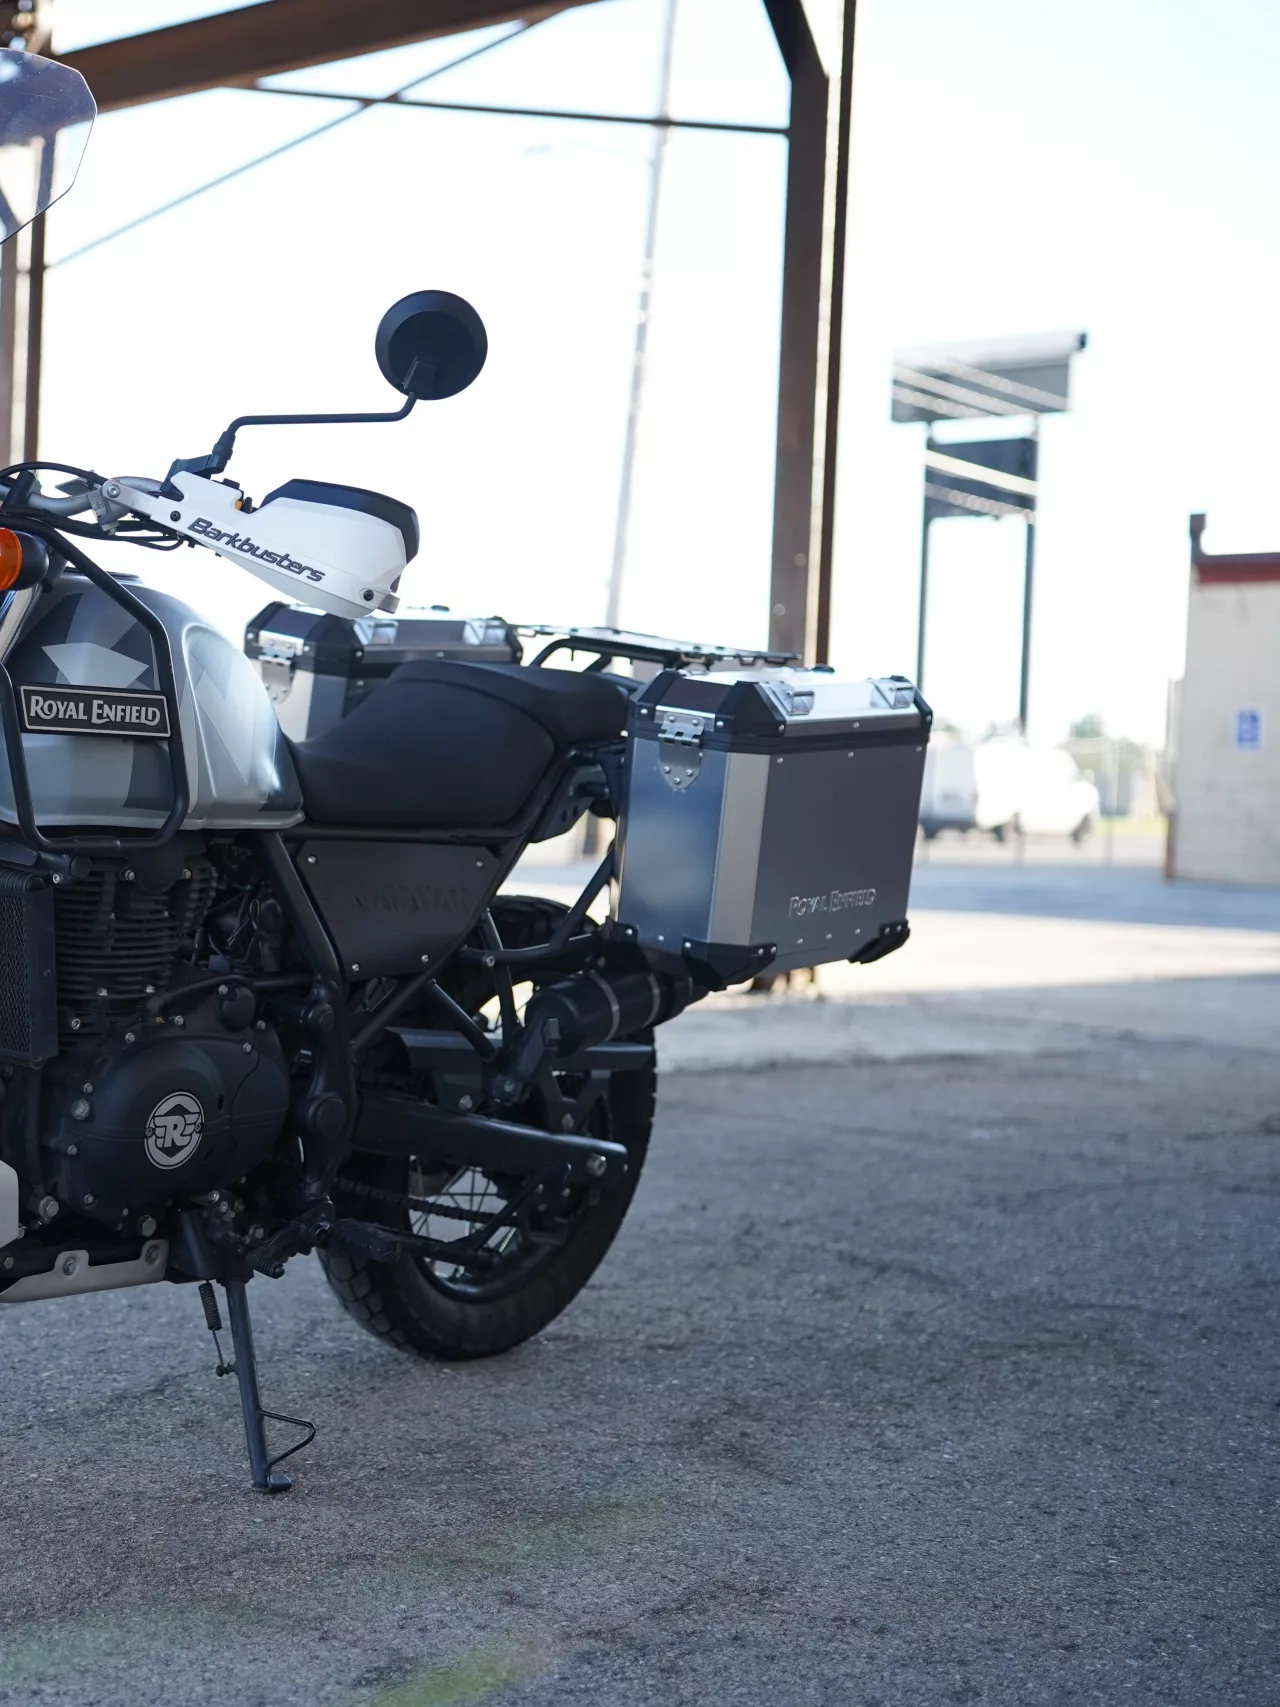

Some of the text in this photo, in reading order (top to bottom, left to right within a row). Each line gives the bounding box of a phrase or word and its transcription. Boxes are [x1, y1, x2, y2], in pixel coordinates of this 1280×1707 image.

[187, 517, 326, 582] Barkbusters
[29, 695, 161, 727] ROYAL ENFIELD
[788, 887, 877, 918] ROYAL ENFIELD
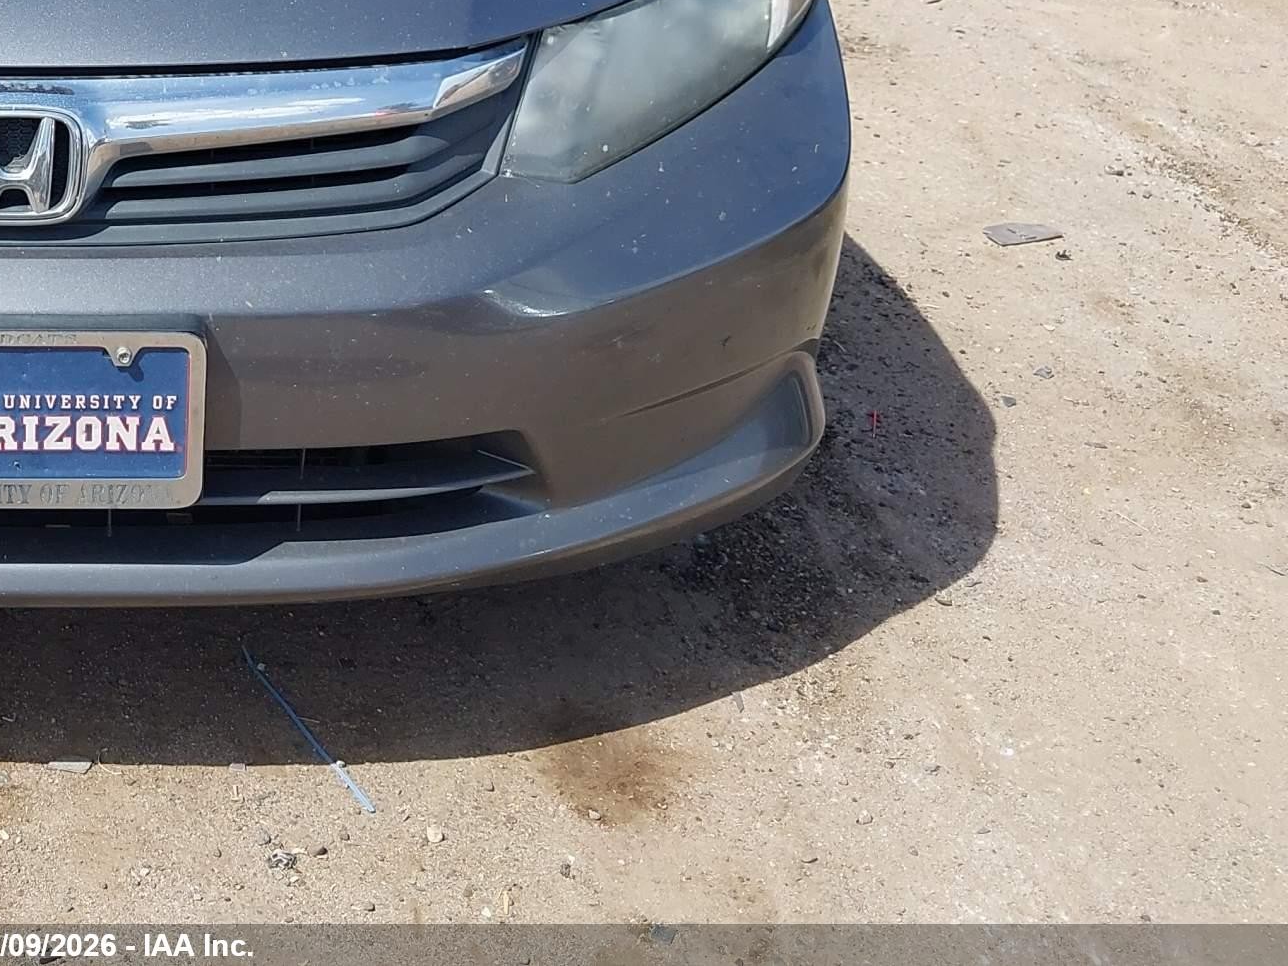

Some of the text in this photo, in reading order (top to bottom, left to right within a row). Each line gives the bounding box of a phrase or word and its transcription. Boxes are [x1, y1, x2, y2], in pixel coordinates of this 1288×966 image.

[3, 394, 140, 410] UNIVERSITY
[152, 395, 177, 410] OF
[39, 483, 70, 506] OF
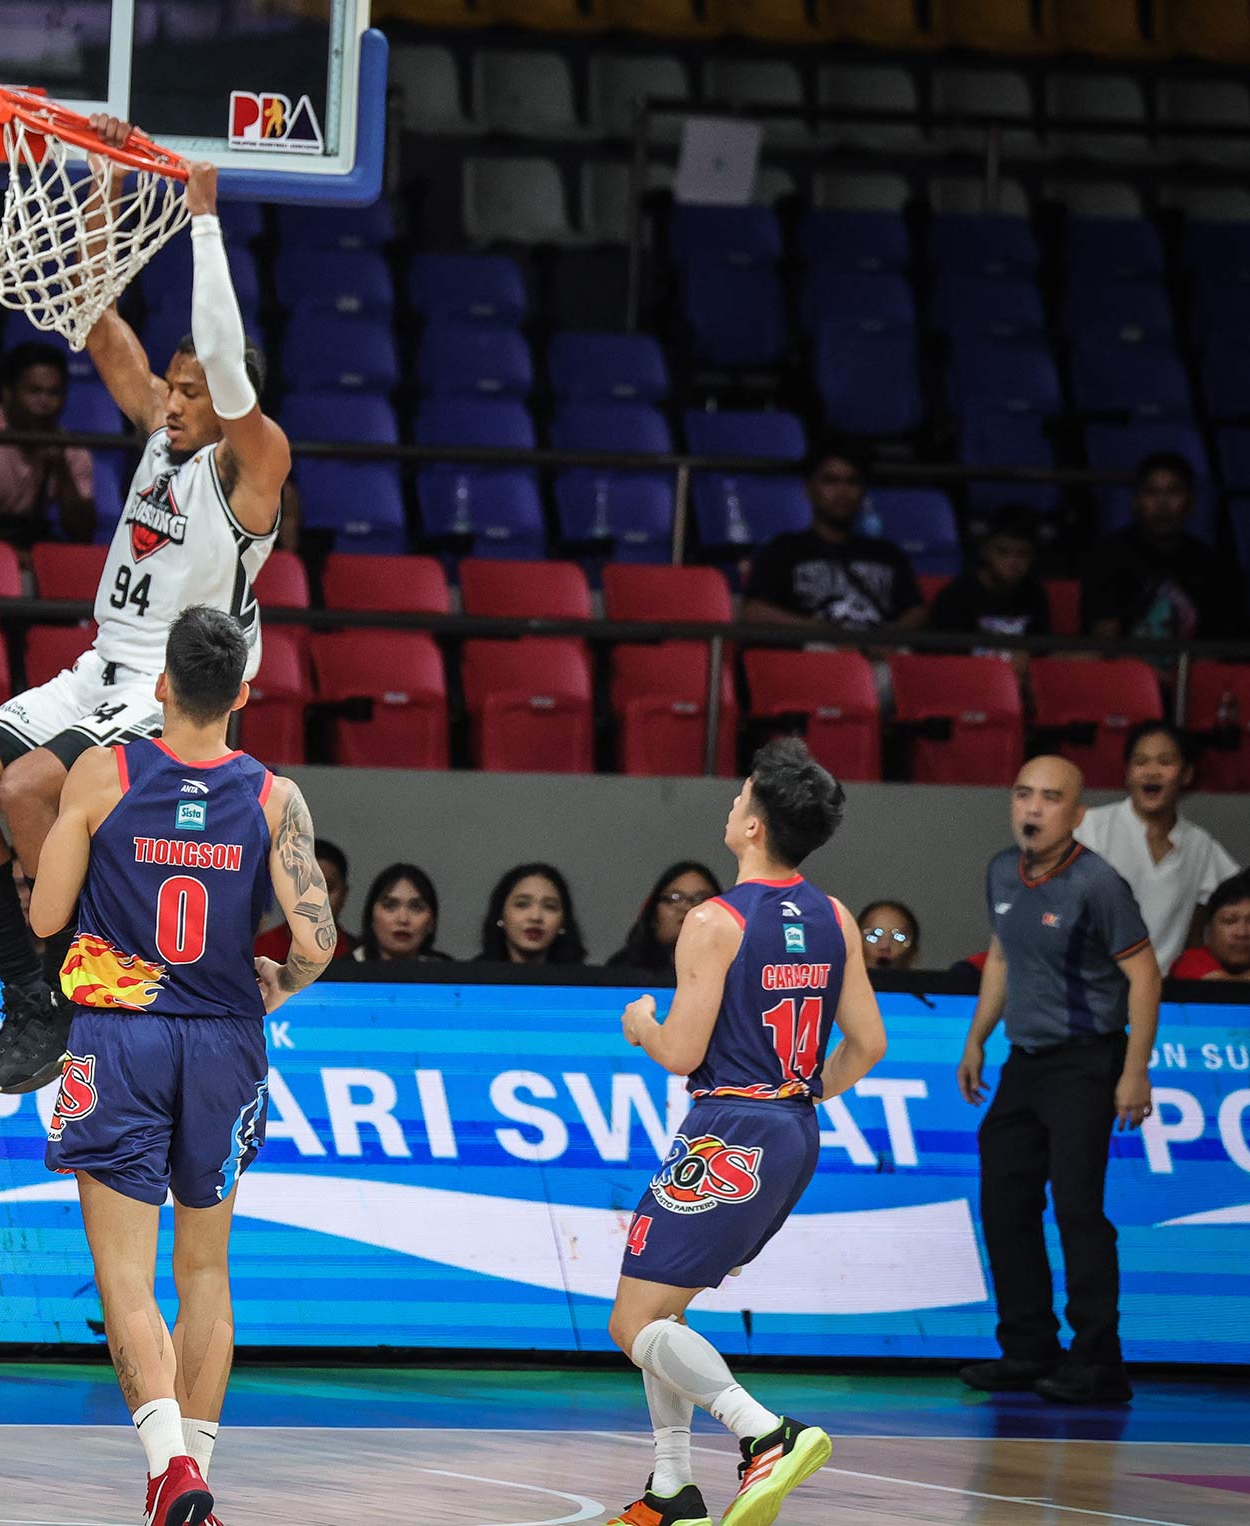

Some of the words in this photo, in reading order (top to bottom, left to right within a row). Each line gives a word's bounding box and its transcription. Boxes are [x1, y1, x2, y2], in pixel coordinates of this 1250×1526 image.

> _Task item_
From the material above, print everything exactly except the pictures.

> _Expected output_
Some of the text in this photo, in reading order (top to bottom, left to right within a row). Each line gives the bounding box of a phrase or word and its transcription. Boxes are [x1, y1, x2, y2], in pixel coordinates of this 1280×1707 image.

[187, 517, 326, 582] Barkbusters
[29, 695, 161, 727] ROYAL ENFIELD
[788, 887, 877, 918] ROYAL ENFIELD

Some of the text in this photo, in reading order (top to bottom, left to right within a row). Each line gives the bounding box of a phrase or word and its transcription. Boxes are [x1, y1, x2, y2], in pixel coordinates of this 1288×966 image.

[3, 394, 140, 410] UNIVERSITY
[152, 395, 177, 410] OF
[39, 483, 70, 506] OF

Some of the words in this photo, in reading order (top to bottom, left to right within a row). Each line gives a word's bounding box and its transcription. Boxes are [x1, y1, x2, y2], in pixel coordinates of this 1250×1526 image.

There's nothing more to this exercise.